Quote:
Originally Posted by Strawn
Sorry, I still don't understand what the cutoff is for determining the market has judged a court sufficiently popular to count as legitimate.
Can you clarify the mechanism at work here?
Again, how is the necessary threshold of "esteem" determined so that a defendant can be sure choose a "legitimate" court?
I suppose I haven't really been explaining this well.
It's basically a market arrangement.
The firms that do the best, will be the firms that protect their clients the best at the cheapest rates. These firms will be those that cooperate with the most other firms. This is because the firms that co-operate don't have to spend massive amounts of money in armed conflict with other firms because they'll have the easiest time negotiating to get cases into a legitimate court.
ASIDE: Legitimate courts will be the courts that have a proven track record of fair verdicts. The only way you will be able to tell if a court is "fair" is that the only way you'll be able to keep getting both sides of a dispute to agree to use a particular judge is if both sides feel like they'll be getting a fair, deal with that judge. The judges that keep getting cases will be the fairest judges.
So for clients of firms that don't cooperate:
You won't be safe because if you are caught being alleged of a crime by another security agency, your only recourse would be to have your security agency attempt an armed rescue.
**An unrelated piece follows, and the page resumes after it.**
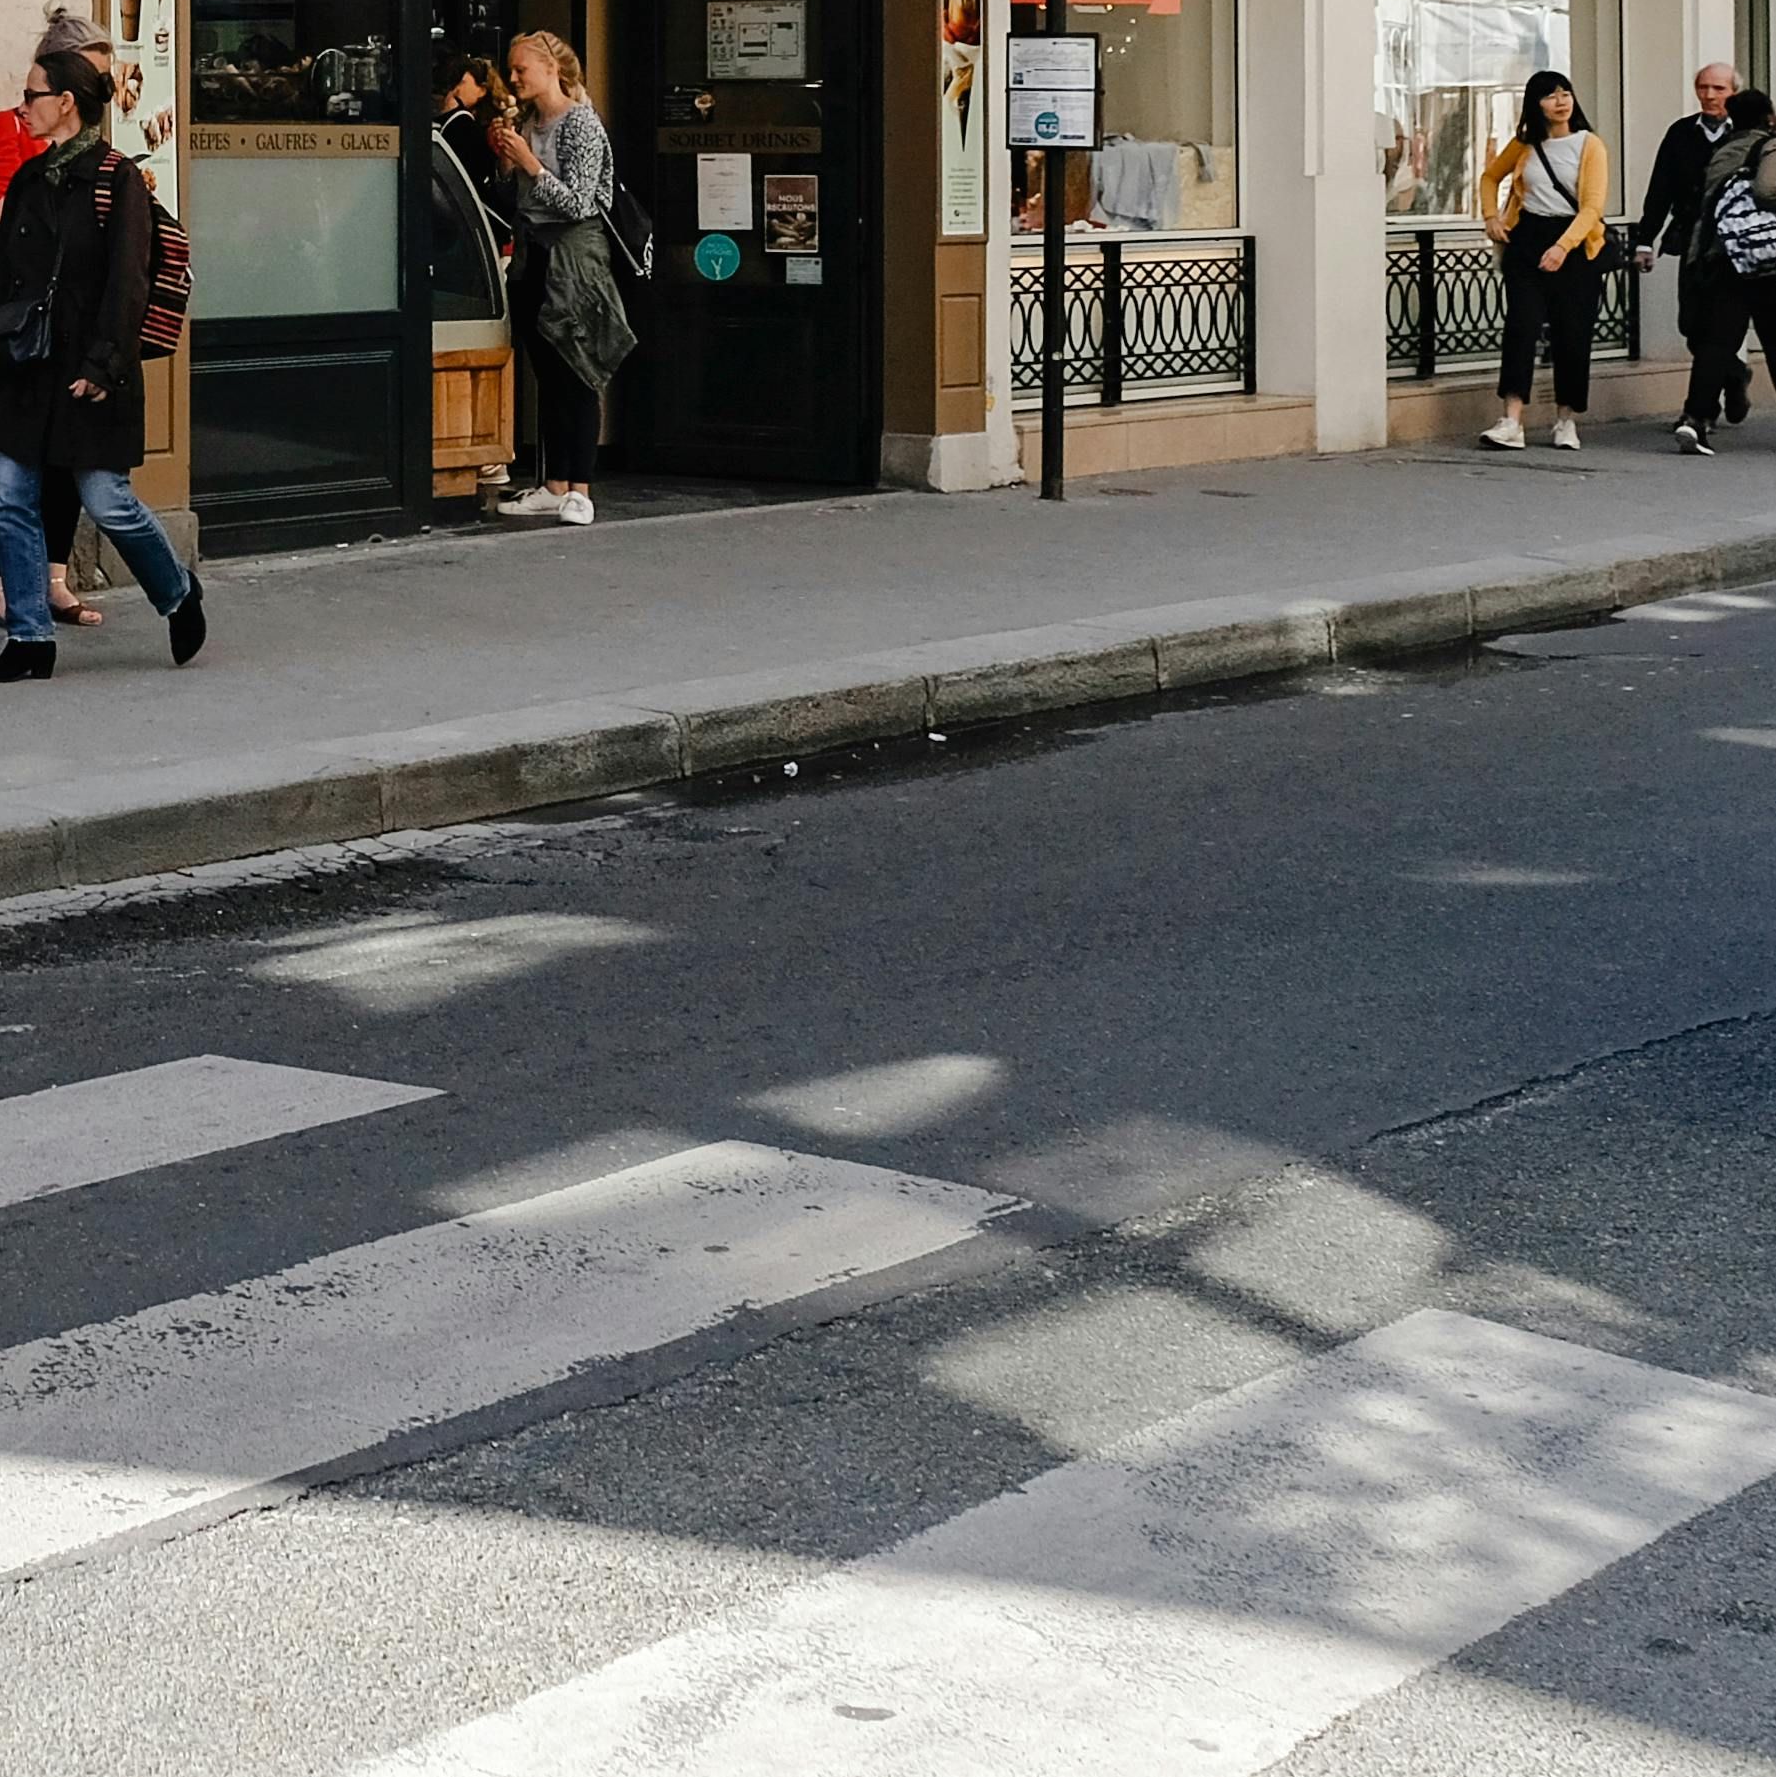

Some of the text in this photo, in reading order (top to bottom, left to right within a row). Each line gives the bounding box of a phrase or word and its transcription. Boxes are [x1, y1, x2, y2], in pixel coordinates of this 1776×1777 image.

So we have 2 security agencies:
A.) One that can only help you by attempting armed rescues. This agency will cost massive amounts of money (countries have to inflate their money supplies just to pay for this kind of constant battle).
B.) One that simply negotiates with other firms to get cases into legitimate courts.
Which business model do you think will survive?
Basically, only the firms that co-operate with a the majority of other firms will survive because armed conflict between organized agencies is frighteningly expensive.
Conclusion:
Firms that only co-operate with 15% of other firms will not be a viable business model so these firms will fail.